The next step is to season the bird inside and out with salt and pepper or a simple herb rub like my Best of Barbecue Mediterranean Rub. Sometimes we'll stuff fresh sage, basil, tarragon, or other fresh herbs under the skin.
When I make the chicken, I truss the bird, that is, tie it or skewer it into a compact cylinder. I do this for aesthetics--a trussed bird looks smart and professional. My wife doesn't bother with trussing, and once again she has a point. When you roast the chicken untrussed, the heat penetrates the cavity and browns the inside of the legs more evenly. If you want to truss your bird, you'll find a cool bamboo skewer trussing technique in Planet Barbecue! on page 355, and step-by-step photos of traditional butcher string trussing in How to Grill on page 204.
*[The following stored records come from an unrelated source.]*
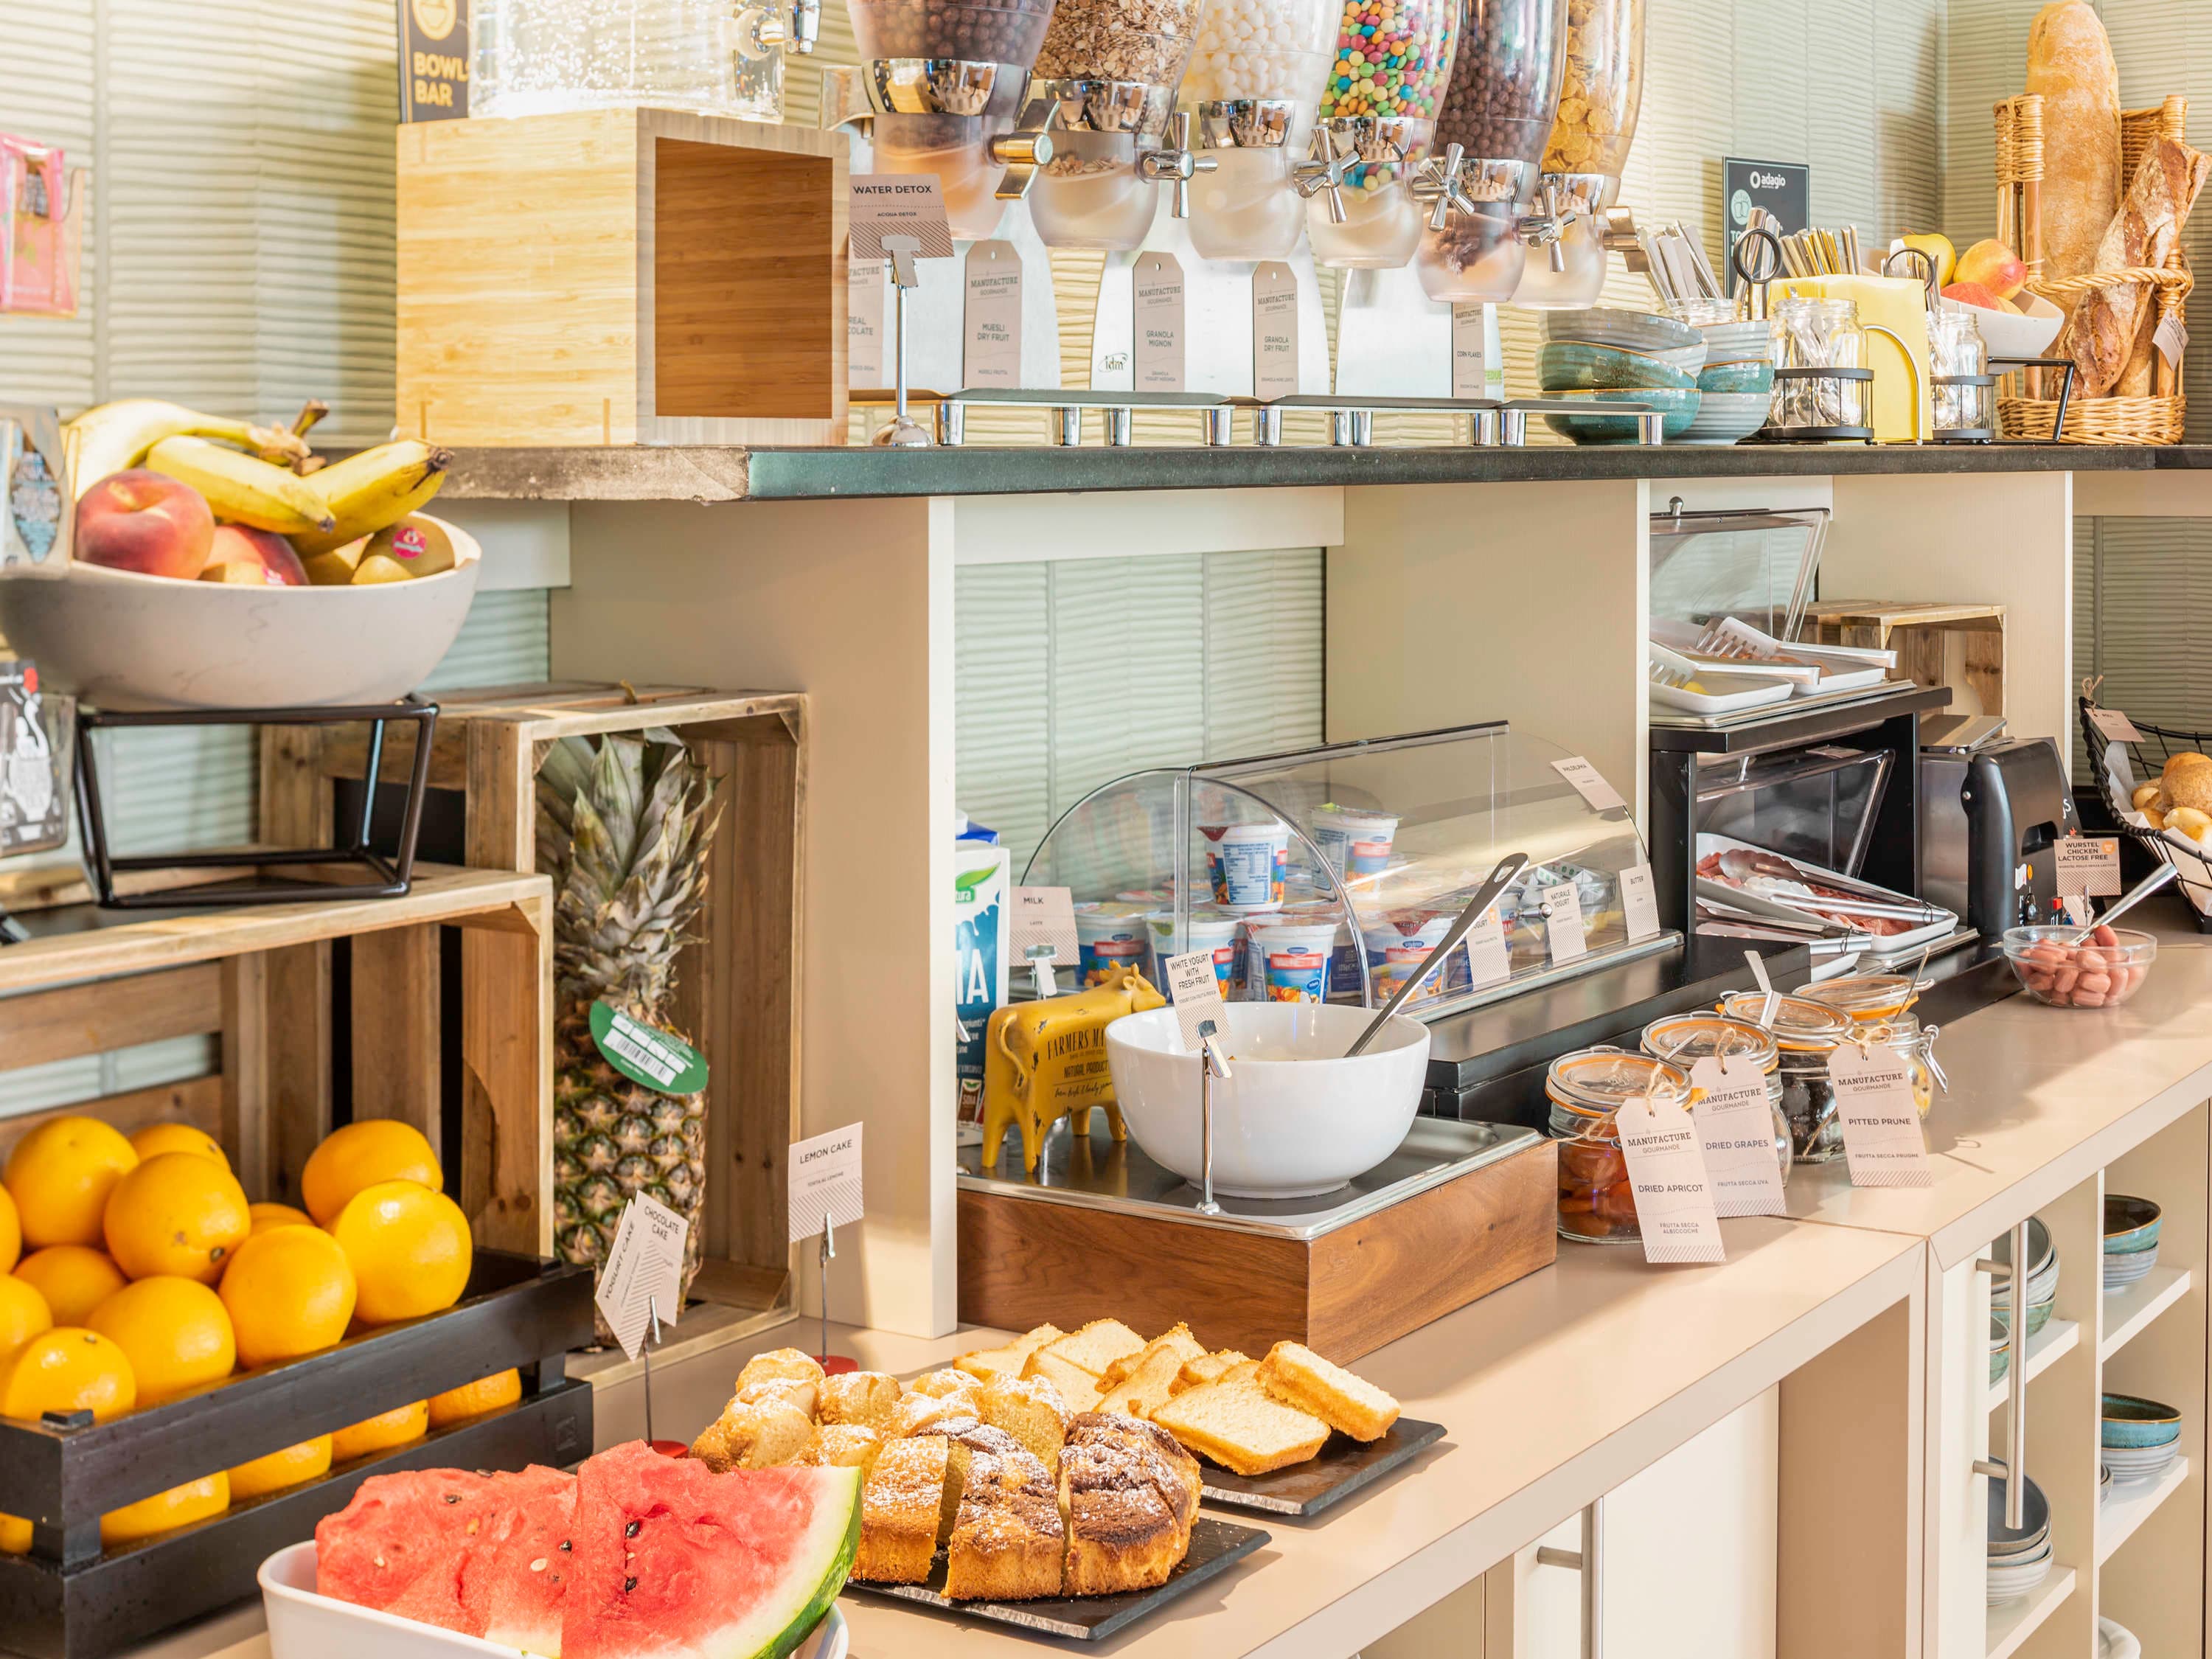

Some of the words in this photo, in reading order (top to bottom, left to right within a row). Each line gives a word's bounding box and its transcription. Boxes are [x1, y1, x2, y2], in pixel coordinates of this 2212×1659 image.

[414, 79, 453, 107] BAR
[1761, 173, 1786, 189] adagio
[852, 185, 892, 194] WATER
[895, 185, 932, 194] DETOX
[970, 276, 1018, 288] MANUFACTURE
[1138, 285, 1181, 298] MANUFACTURE
[1257, 293, 1295, 305] MANUFACTURE
[982, 322, 1006, 332] MUESLI
[977, 332, 990, 341] DRY
[991, 333, 1009, 342] FRUIT
[1146, 330, 1175, 338] GRANOLA
[1264, 335, 1289, 344] GRANOLA
[1149, 339, 1172, 348] MIGNON
[1263, 344, 1274, 352] DRY
[1630, 875, 1644, 886] BUTTER
[1551, 889, 1571, 900] NATURALE
[1023, 897, 1044, 905] MILK
[1554, 898, 1570, 908] YOGURT
[1170, 959, 1189, 971] WHITE
[1188, 953, 1209, 966] YOGURT
[1185, 967, 1200, 977] WITH
[1178, 978, 1195, 990] FRESH
[1195, 974, 1210, 986] FRUIT
[1047, 1029, 1089, 1060] FARMERS
[1064, 1063, 1085, 1079] NATURAL
[1837, 1073, 1903, 1086] MANUFACTURE
[1853, 1083, 1891, 1092] GOURMANDE
[1697, 1088, 1761, 1105] MANUFACTURE
[1711, 1100, 1750, 1112] GOURMANDE
[1627, 1132, 1691, 1147] MANUFACTURE
[1705, 1142, 1732, 1150] DRIED
[1733, 1139, 1769, 1148] GRAPES
[799, 1147, 829, 1164] LEMON
[830, 1139, 852, 1154] CAKE
[1642, 1144, 1680, 1154] GOURMANDE
[1666, 1184, 1704, 1192] APRICOT
[644, 1206, 679, 1234] CHOCOLATE
[652, 1224, 668, 1241] CAKE
[605, 1253, 623, 1300] YOGURT
[623, 1221, 635, 1252] CAKE
Because we're talking about a simple weeknight dinner here, we usually cook the vegetables right with the chicken (or in this case, under it). These usually include a sweet potato or a couple of Yukon Golds, some organic carrots or beets, a shallot or two--any root vegetable loaded with flavor. I cut the veggies into finger-size pieces, so they'll roast quickly and evenly. I arrange them in a single layer in the foil drip pan I place under the chicken. (It's important not to overcrowd the pan, otherwise the vegetables will stew, not roast.) The tubers sizzle in the melting chicken fat and juices (stir them once or twice), which makes these veggies you'll definitely want to eat.
Now, here comes the secret my French chef mentors would never have dreamt of. You don't cook the bird in the oven; you smoke-roast it on the grill.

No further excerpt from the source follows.